Okay, SO... The one thing...

So, the crush girl says something back about how she takes it all the time because she often can't sleep.  And someone says, "Why not?"

And she says, because she stays up thinking.

That's the one thing I'm thinking about.

She stays up thinking.

Like, lays awake thinking.

She has to take it because otherwise she'll stay up thinking.

And now I'm just like... Thinking about what?

Now I can't stop thinking about what she's thinking about when she stays up thinking.

I'm sort of like, stuck on it.

I don't get it.

I'm sure it's just stuff she thinks about.  But now I wonder, what else does she think about.  And now I'm wondering...

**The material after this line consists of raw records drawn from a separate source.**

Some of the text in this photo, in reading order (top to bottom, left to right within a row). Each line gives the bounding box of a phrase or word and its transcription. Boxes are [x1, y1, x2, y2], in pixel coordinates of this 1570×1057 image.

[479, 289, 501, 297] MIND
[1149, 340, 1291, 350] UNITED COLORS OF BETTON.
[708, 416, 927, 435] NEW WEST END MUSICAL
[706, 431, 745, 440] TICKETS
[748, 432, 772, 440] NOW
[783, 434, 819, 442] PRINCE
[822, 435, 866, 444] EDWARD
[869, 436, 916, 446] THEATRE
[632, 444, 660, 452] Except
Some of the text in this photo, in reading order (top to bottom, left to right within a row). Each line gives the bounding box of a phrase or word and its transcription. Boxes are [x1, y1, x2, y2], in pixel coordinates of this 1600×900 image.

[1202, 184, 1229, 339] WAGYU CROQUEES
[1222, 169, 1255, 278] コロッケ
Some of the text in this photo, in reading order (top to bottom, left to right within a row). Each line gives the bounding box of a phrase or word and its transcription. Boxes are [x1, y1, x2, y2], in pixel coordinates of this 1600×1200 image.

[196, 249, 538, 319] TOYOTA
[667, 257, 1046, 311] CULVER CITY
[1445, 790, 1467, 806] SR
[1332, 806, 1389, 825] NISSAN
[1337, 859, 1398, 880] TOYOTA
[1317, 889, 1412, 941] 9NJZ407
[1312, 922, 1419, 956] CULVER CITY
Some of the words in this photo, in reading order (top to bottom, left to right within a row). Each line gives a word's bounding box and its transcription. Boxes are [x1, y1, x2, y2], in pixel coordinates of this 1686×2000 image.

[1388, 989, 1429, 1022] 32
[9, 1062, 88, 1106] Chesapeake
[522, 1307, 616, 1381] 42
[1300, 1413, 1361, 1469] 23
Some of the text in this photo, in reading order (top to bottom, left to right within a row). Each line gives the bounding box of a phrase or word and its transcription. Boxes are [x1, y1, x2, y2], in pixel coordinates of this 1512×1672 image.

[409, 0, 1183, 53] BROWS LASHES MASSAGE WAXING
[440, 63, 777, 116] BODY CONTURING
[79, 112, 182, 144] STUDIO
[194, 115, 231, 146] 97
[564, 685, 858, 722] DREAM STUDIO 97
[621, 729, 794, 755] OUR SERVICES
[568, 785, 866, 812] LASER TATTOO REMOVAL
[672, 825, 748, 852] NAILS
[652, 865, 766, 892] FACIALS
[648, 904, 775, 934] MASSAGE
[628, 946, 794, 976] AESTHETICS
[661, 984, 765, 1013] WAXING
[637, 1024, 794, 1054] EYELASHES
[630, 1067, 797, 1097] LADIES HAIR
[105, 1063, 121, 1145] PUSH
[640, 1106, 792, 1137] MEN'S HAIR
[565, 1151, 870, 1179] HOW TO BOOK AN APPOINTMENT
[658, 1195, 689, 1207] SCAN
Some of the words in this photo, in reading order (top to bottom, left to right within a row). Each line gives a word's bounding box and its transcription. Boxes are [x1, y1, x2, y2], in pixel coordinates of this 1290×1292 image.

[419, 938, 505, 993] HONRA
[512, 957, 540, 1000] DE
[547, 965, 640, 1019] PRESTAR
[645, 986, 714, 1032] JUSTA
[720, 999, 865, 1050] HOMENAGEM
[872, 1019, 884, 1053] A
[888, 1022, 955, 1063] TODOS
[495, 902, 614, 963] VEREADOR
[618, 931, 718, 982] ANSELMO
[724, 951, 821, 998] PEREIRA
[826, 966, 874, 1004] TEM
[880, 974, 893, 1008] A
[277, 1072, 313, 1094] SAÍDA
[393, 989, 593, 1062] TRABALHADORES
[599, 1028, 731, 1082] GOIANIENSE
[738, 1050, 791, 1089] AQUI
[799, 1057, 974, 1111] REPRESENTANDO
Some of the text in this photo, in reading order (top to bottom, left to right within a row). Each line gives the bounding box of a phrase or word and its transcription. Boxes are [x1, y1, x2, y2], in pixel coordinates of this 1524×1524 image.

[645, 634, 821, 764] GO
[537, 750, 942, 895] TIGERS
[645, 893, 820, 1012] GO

What else has she crossed paths with.  What kind of things has she gone through... I mean, obviously that's personal.

And so, I'm just like, that's not really for me to know.

It's not for anyone to know unless she wants to tell someone.

I guess I just can't stop being curious about what she said...

It kind of got my attention even more than she had my attention.

So, now I'm thinking about what she thinks about when she can't fall asleep, but also not so much what, but just the fact that she's a thinker.

See, I feel like some of the most interesting people I've met are always those who think a lot.

So, if she needs a sleep aid to turn off her thoughts at night before she goes to sleep, she's a thinker... And that really kind of captured my attention even more.

It's almost like, there's something about her and this whole situation this year... Something curious about it, but I can't quite put my finger on it.

But now I can't stop thinking about that night when she apologized for me for something she didn't have any choosing of how it played out, and when she said that she thinks a lot...

I feel like it wasn't so much just the words themselves.

There was something more to it, the way she mentioned it, and then quickly steered the conversation away from it.

Like she immediately wished she hadn't admitted that, like there was something more to her thoughts that she can't turn off...

And then she just wanted to quickly turn the conversation away from that fact.

But I kind of sat there wondering... Hmmmm.... I wonder what else she would have said, or rather, I wonder what she was thinking inside her head.

She was saying one thing, but in her mind there was something else.

Anyway, that's the one thing.

I think about her thoughts.  Which sounds slightly strange if you think about it.  But, I don't know, that moment when she said that just keeps popping into my mind for some reason.

Obviously that's not what makes this post weird.  What makes this post weird is that I'm writing about someone and she doesn't know I'm writing about her.

But, I feel like the odds are she'll never know.  I don't possibly see how she could ever know I wrote this about her anyway.  I mean, none of the camp people read my blog, and only one person really even knows it exists and even when I told that person they really seemed to not be paying that much attention and so, I think I'm safe from her ever stumbling upon this.

And besides, this is probably the only time I'll write about her really.  I can't even imagine us ever crossing paths in real life ever again.  So, it's a safe bet to assume I won't find myself in some weird situation in the future where I'm in the same room as her and she has read my blog and it's totally awkward.

So, I'm just going to pretend it's not weird that I wrote all this.  Because, how's she going to ever know anyway.

Well, anyway, there you have it.  When you dream, what do you dream about?  Or, when you think... What do you think about?

I'll never know.  But I keep thinking about it.  I'm sure I'll think about it for a little while longer, but eventually... I'll find other thoughts will start popping up in my mind instead.